Ultimately, my learning is fueled by engaging new projects I find incredibly interesting. I try to have as lofty goals as possible and do whatever I can to make it happen. If the project is interesting enough, you'll be amazed how much stuff you can learn every single night.
Good luck!
edit: Rails is a framework that uses ruby and it's specifically intended to be used for web application development. Rails is the name of the framework, and it uses the model-view-controller (MVC) architecture, just like symfony does. If you want to learn something new, this would be awesome. Ruby is really cool.
Sitting at about a [6] right now.
Here is a nice tutorial, but really if you know C and BASIC, Ruby will feel pretty familiar. It was created with programmer happiness in mind, and it really shows.
Let me show you why Ruby is so awesome:
Here, I define a sting: irb(main):017:0> str = "Let's get together and feel alright." => "Let's get together and feel alright."
Ruby makes playing with strings super simple. Here, I get the length of the string, which is returned as an integer: irb(main):018:0> str.length => 36
"length" is a method that you can perform on string-like objects. Think of it like calling int length(char * str). You perform a method on a variable by using a period in between (variable.method_to_be_applied).
Here is why Ruby rocks. I'm going to get the length, convert it to a string, and chop (remove the last character from the string) it. irb(main):019:0> str.length.to_s.chop => "3"
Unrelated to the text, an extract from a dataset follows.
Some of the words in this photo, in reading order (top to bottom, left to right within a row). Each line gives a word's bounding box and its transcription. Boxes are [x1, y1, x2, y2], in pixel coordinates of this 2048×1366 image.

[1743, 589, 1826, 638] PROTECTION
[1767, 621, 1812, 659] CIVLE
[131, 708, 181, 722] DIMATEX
Not cool enough? How about doing all that, THEN converting the result back into an integer, and adding 5, all in one line of code? irb(main):020:0> str.length.to_s.chop.to_i + 5 => 8
</end Ruby tutorial>
Both, actually; I'm the lead (read: only) software developer at my job as a SA (Ruby, PHP, lots and lots of shell scripting), and also like to sharpen my skills with pet projects in my spare time.
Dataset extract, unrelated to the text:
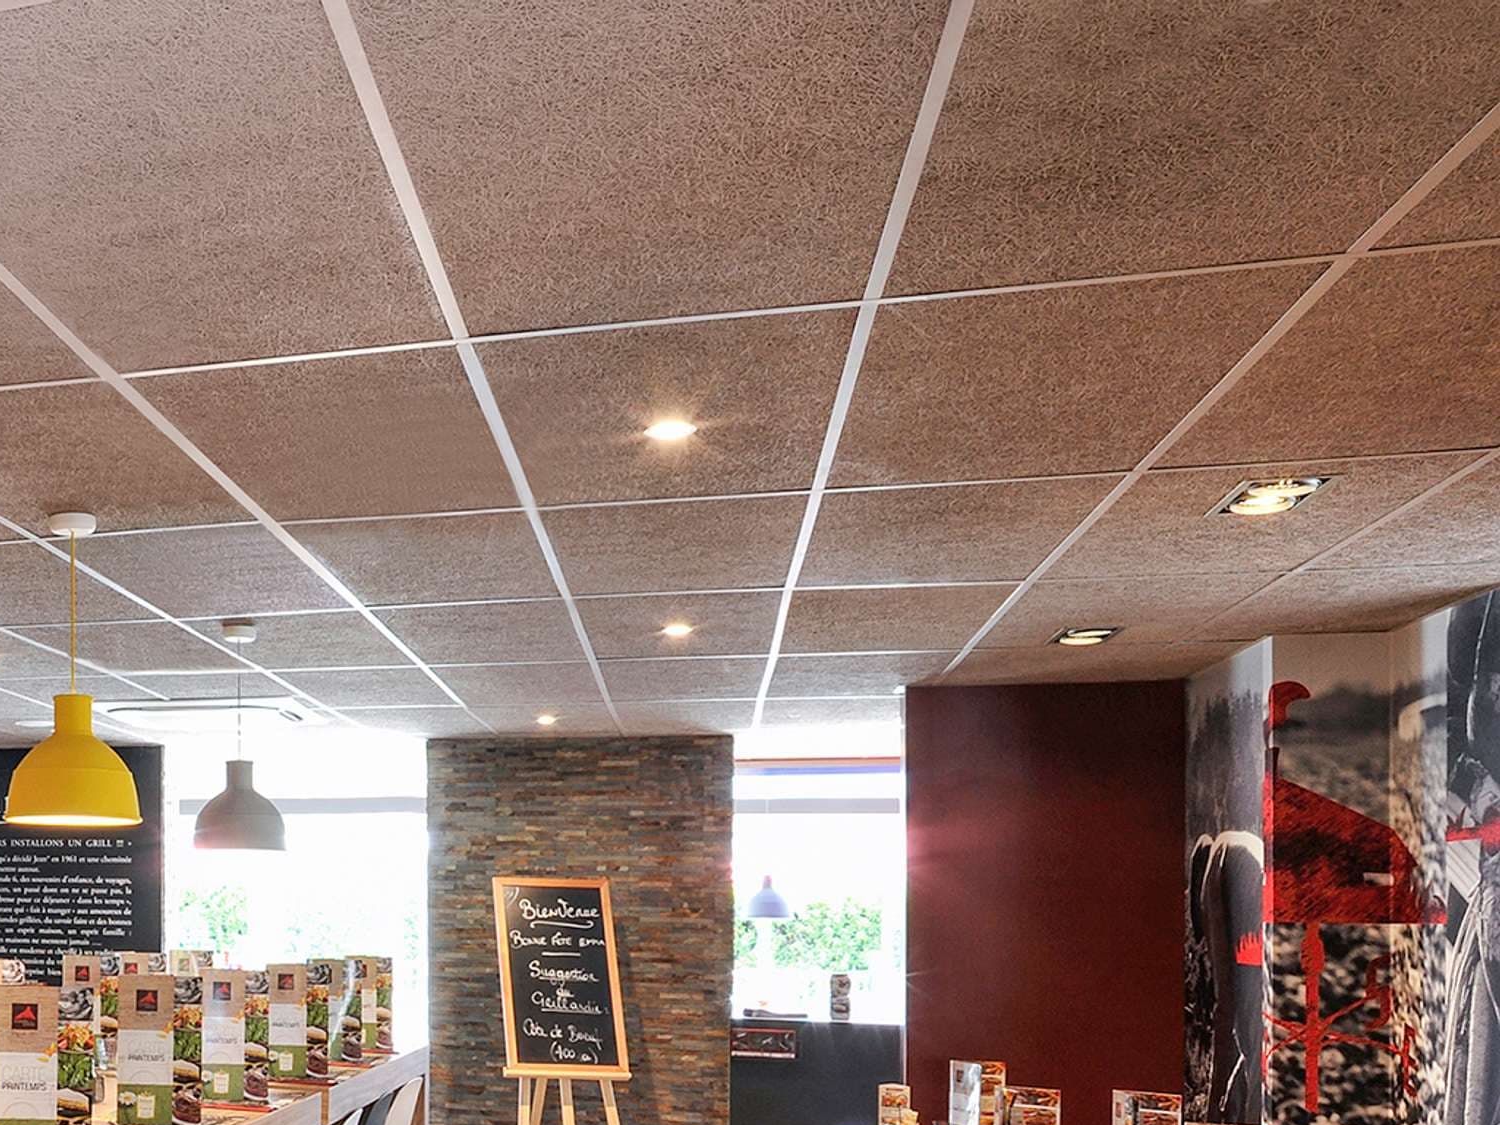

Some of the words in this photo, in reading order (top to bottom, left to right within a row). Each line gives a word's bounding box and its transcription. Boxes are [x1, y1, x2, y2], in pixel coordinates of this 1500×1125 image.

[10, 839, 65, 848] INSTALLONS
[68, 839, 82, 848] UN
[85, 839, 113, 848] GRILL
I'm not the GP, but i'll respond, cause I'd like to hear the other side.
The needle/haystack thing is a big one for me.
Ruby in particular (but also python) requires you to keep less stuff "in your head" when you're coding cause the libraries are more consistent. If I want to do an operation on an object, I can just load my REPL and query the object.methods to be reminded of what methods are available. I don't need to remember the receiving object's position in the parameter list. I can do "test".method("insert").arity to find out how many params the insert method of the string class has.
It also doesn't have the years of legacy that php has. short_open_tag? register_globals?
Ruby's built in classes are way better, even simple things like URI's are easily handled. eg. require 'uri' uri = URI.parse("http://www.ruby-lang.org/path/here/?cool=me") print uri.path
outputs "/path/here/"
in my repl, I can quickly look to see what methods are availible on the uri object;
ruby-1.9.2-p0 :017 > uri.public_methods - Object.public_methods => [:request_uri, :default_port, :scheme, :host, :port, :registry, :path, :query, :opaque, :fragment, :parser, :component, :scheme=, :userinfo=, :user=, :password=, :userinfo, :user, :password, :host=, :port=, :registry=, :path=, :query=, :opaque=, :fragment=, :hierarchical?, :absolute?, :absolute, :relative?, :merge!, :merge, :+, :route_from, :-, :route_to, :normalize, :normalize!, :select, :coerce]
notice how i'm subtracting two sets just by using the minus operator? Another great feature of ruby. I could go on for ages, but the general gist is that each of these time saving, elegant features add up to me being a happier programmer. And that counts for a lot.
After using ruby for a while, the only advantage php has for me is ease of deployment (especially for contact forms and the like).